K-Pop Debut of Pro-Coup Activist’s Daughter Stirs Debates

Image: Twitter

BANGKOK — A Thai singer is facing a online boycott campaign as she is about to debut as a member of a K-Pop band after netizens discovered she is a daughter of a late film star and coup-supporter and had joined pro-coup rallies.

Thai netizens who support democracy were outraged at Sitala Wongkrachang since Tuesday after they discovered that her father was the late movie star Saranyu Wongkrachang who was a staunch and prominent speaker and supporter of the political rallies by the People’s Democratic Reform Committee which led to the May 2014 coup.

As of Wednesday morning, Twitter hashtag #BANSITALA and #SITALA are trending after netizens learned that Sitala will be joining a new K-Pop all-girl band, H1-KEY, to be debuted on Jan 5 with. Hashtag #SITALA trended at over 2 million mentions before noon Wednesday.


Pictures of Sitala joining PDRC rallies also emerged and shared widely as pro-democracy netizens vow she must be punished by being boycotted.

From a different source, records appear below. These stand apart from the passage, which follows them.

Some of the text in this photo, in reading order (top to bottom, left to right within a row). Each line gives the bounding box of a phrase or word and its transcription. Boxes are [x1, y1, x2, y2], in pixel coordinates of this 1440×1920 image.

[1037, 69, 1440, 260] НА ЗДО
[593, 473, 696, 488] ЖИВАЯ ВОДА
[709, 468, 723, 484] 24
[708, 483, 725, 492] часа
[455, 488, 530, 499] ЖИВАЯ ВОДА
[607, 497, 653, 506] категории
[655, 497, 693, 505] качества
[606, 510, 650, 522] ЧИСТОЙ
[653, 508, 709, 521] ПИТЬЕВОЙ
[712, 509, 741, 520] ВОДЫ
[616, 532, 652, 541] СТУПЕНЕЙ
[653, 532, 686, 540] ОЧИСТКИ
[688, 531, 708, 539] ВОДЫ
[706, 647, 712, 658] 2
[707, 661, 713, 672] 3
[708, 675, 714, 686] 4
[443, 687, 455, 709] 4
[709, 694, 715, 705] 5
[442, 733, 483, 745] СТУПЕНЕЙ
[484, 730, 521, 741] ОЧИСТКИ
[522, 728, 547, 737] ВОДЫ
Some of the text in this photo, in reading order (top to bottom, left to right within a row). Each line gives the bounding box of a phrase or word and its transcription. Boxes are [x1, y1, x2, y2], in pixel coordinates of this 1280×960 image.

“What goes around, comes around!” tweeter user @SleepBlueMango wrote late Tuesday night in English. “You & your family destroy other people’s lives and future. Rethink about the debut. She doesn’t deserve it!”

Accompanying the tweet, which was retweeted 753 times by Wednesday morning, was a poster with a photo of Sitala and a call to boycott her. “Her family and her are supporters of Thailand’s Chun Doo-Hwan,” reads one English-language online poster spreading, comparing junta leader Gen Prayut Chan-ocha to the late South Korean dictator.

Some compared Satila, 24, monarchy-reform protest co-leader Panassaya “Rung” Sitthijirawattanakun who is being detained and facing multiple lese majeste trials.

“One debut on stage and [another] debut in jail cuz she called for democracy,” user @bbblbT tweeted on Tuesday night.

“If they don’t regret, this is how it should be dealt with,” wrote socialist labour activist Lek Patchanee on Facebook Wednesday.

“Don’t be pretentious and say her parents caused damage to the country but it doesn’t involve their daughter. When I came out to campaign [for monarchy-reform] to make this country better, how was my parents involved? They cursed that my parents should die and condemned my whole family and ancestors. Let me say it here, I won’t forgive [Sitala],” wrote monarchy-reform activist Jatuporn Saeoung current facing lese majeste charge for alleged mocking of the queen by the way she addressed and presented herself at a rally on Silom Road late last year.


Not all support the ban, however. A “soft-power specialist”, Pacapol X Anurit, wrote on Facebook Wednesday that the incident is unfortunate as aspiring Thai artists are trying to break into the internal music arena but in this case, is being bogged down by domestic politics.

“I support all Thais to make it far on the road of soft power but Thais are still trapped [in the past political divide] even now… I think the Korean company won’t care [about the boycott call] and will debut her as scheduled. The Korean and international audience won’t mind where you stand politically [in Thailand]”

There has been no reaction from Sitala or the Korean company, GLG (Grandline Group), as of press time.